Paul Gaetano Maria Pachner nacque nel 1871 a Marburg (Maribor), oggi in Slovenia, e morì il 13 ottobre 1937 a Hradec, oggi in Slovenia, anche se alcune fonti affermano che fosse morto a Graz e ivi sia sepolto.
Comandante dell’incrociatore leggero “Zenta” nella battaglia di Antivari del 16 agosto 1914, fu promosso a capitano di vascello nel 1916, subito dopo la sua liberazione dalla prigionia in Montenegro, e contrammiraglio, dopo la conclusione della prima guerra mondiale il 30 giugno 1919.
Aveva frequentato l’Accademia di Marina (Marine-Akademie) di Fiume dove aveva concluso gli studi nel 1890, quindicesimo su trentacinque cadetti. Subito dopo si era imbarcato come cadetto di 2ª classe (“Seekadett 2. Klasse”) sulla fregata della k.u.k. Kriegsmarine “Saida” che partì il 5 settembre 1890 da Pola per un giro del mondo durato diciotto mesi. A bordo, fra i 40 ufficiali, era presente anche il tenente di vascello (“Linienschiffsleutnant”) Anton Haus, che nel corso della prima guerra mondiale diventerà grande ammiraglio e comandante supremo della flotta austro-ungarica.

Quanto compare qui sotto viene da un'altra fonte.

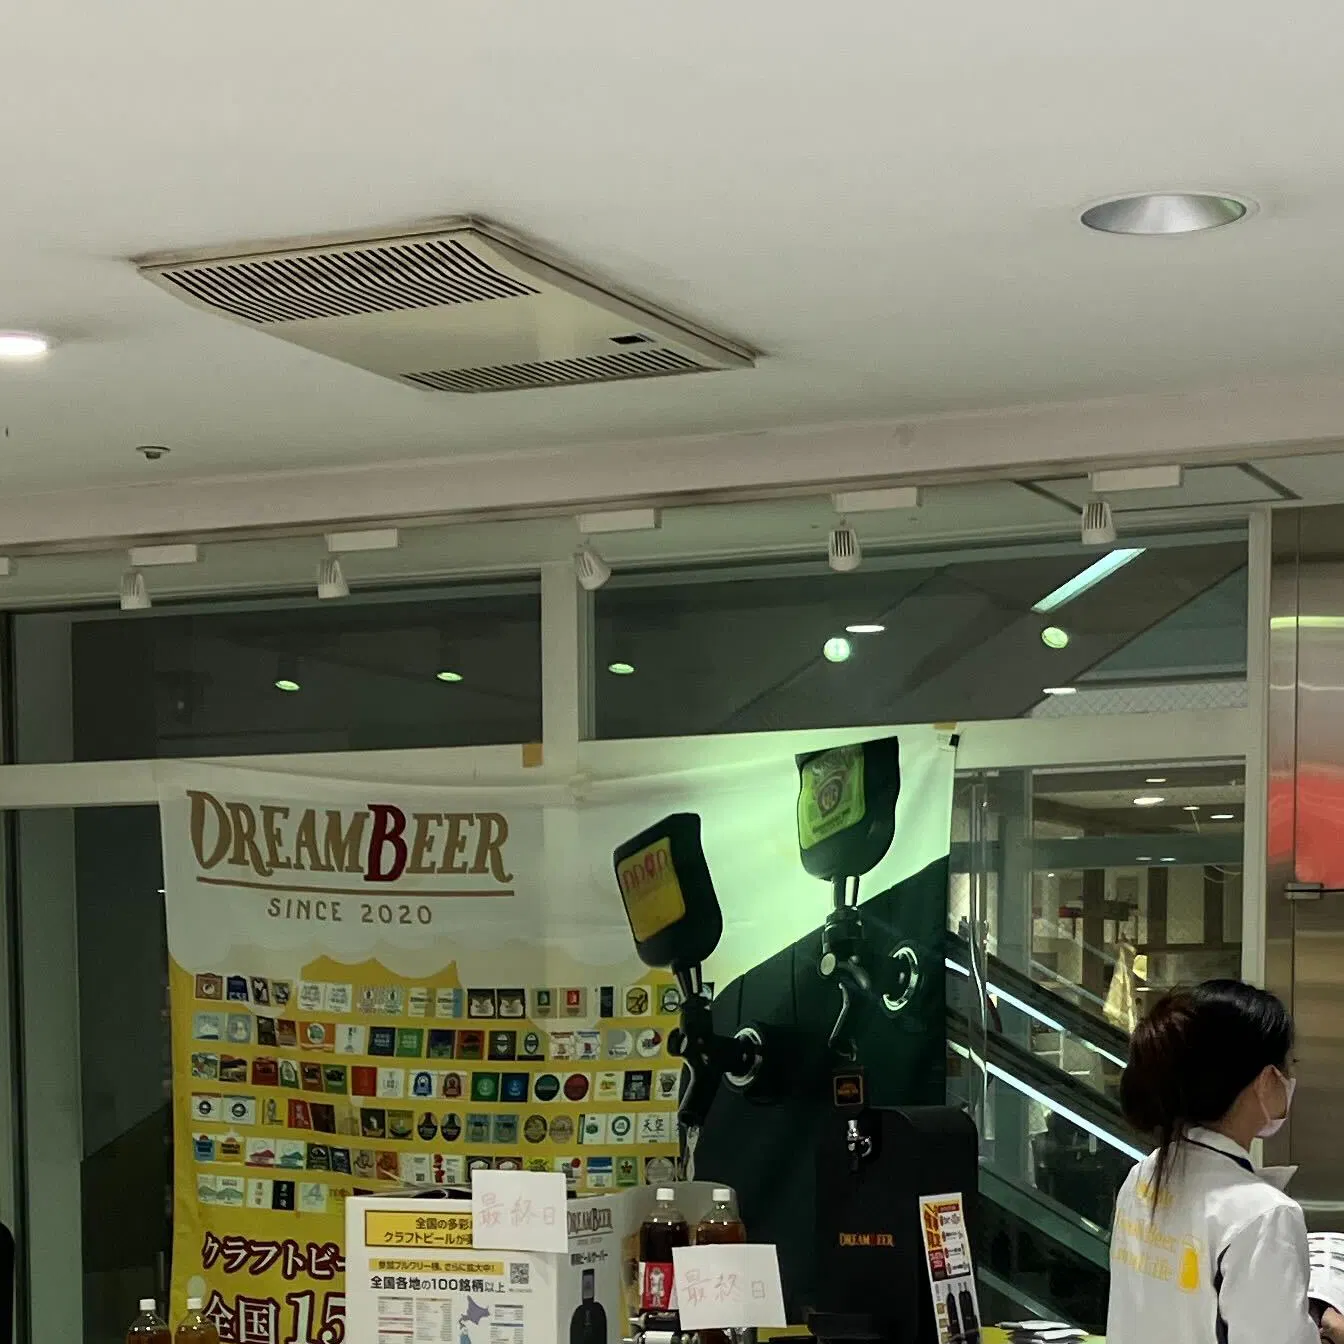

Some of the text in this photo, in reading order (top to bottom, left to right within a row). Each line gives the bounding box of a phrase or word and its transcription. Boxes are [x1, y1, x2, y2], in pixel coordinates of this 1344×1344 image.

[186, 789, 514, 884] DREAMBEER
[267, 898, 433, 925] SINCE 2020
[415, 1217, 473, 1231] 全国の多彩
[477, 1192, 556, 1227] 最終日
[203, 1231, 346, 1279] クラフトビ
[681, 1268, 766, 1306] 最終日
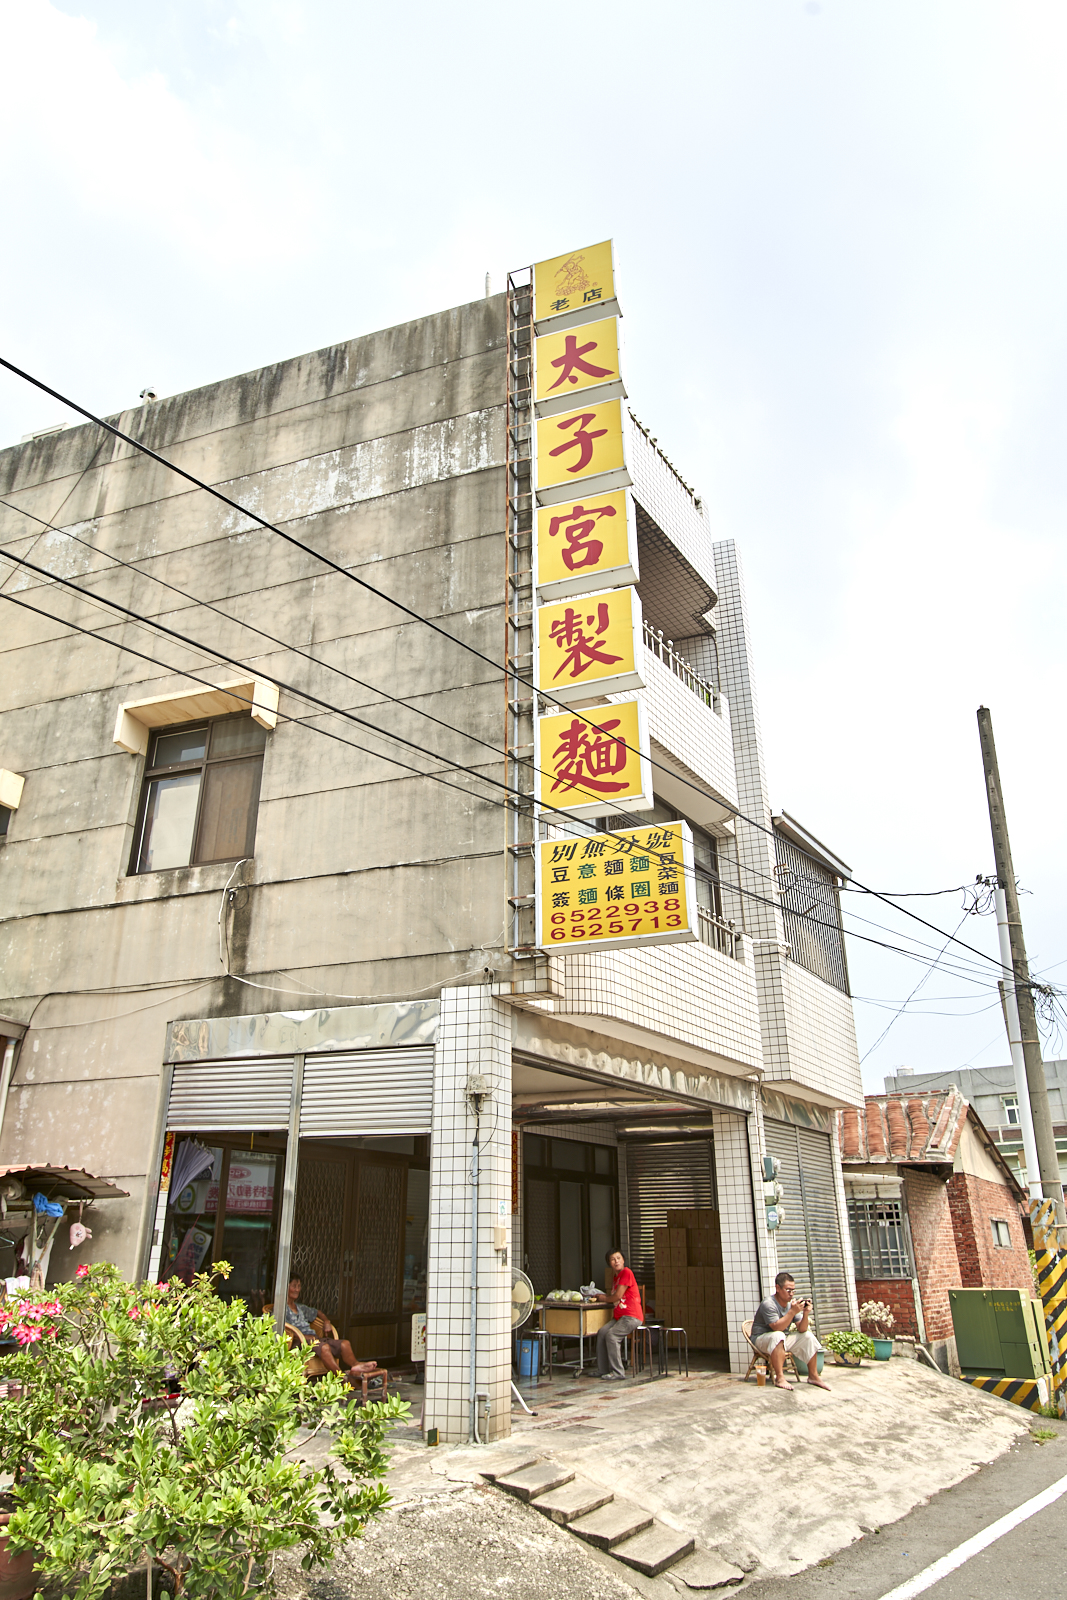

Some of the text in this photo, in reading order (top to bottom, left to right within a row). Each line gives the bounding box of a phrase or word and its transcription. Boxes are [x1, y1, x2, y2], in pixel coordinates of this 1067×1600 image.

[550, 287, 603, 312] 老店
[546, 334, 630, 794] 太子宮製麵
[547, 830, 674, 865] 別無分號
[550, 898, 681, 925] 6522938
[550, 914, 682, 941] 6525713

Praticamente allo scoppio della prima guerra mondiale, il 13 agosto 1914, Paul Pachner fu nominato d’urgenza comandante dell’incrociatore “Zenta” in sostituzione del precedente comandante, il capitano di fregata (“Fregattenkapitän”) Joseph Culot che si era improvvisamente ammalato.
In quelle prime settimane di guerra unità leggere della k.u.k. Kriegsmarine, fra cui l’incrociatore “Zenta”, bloccavano, dal 10 agosto 1914, il porto montenegrino di Antivari per impedire lo sbarco di rifornimenti da parte degli anglo-francesi.
Il 16 agosto 1914 il turno di sorveglianza del blocco navale di Antivari toccava all’incrociatore “Zenta” e al cacciatorpediniere “Ulan”.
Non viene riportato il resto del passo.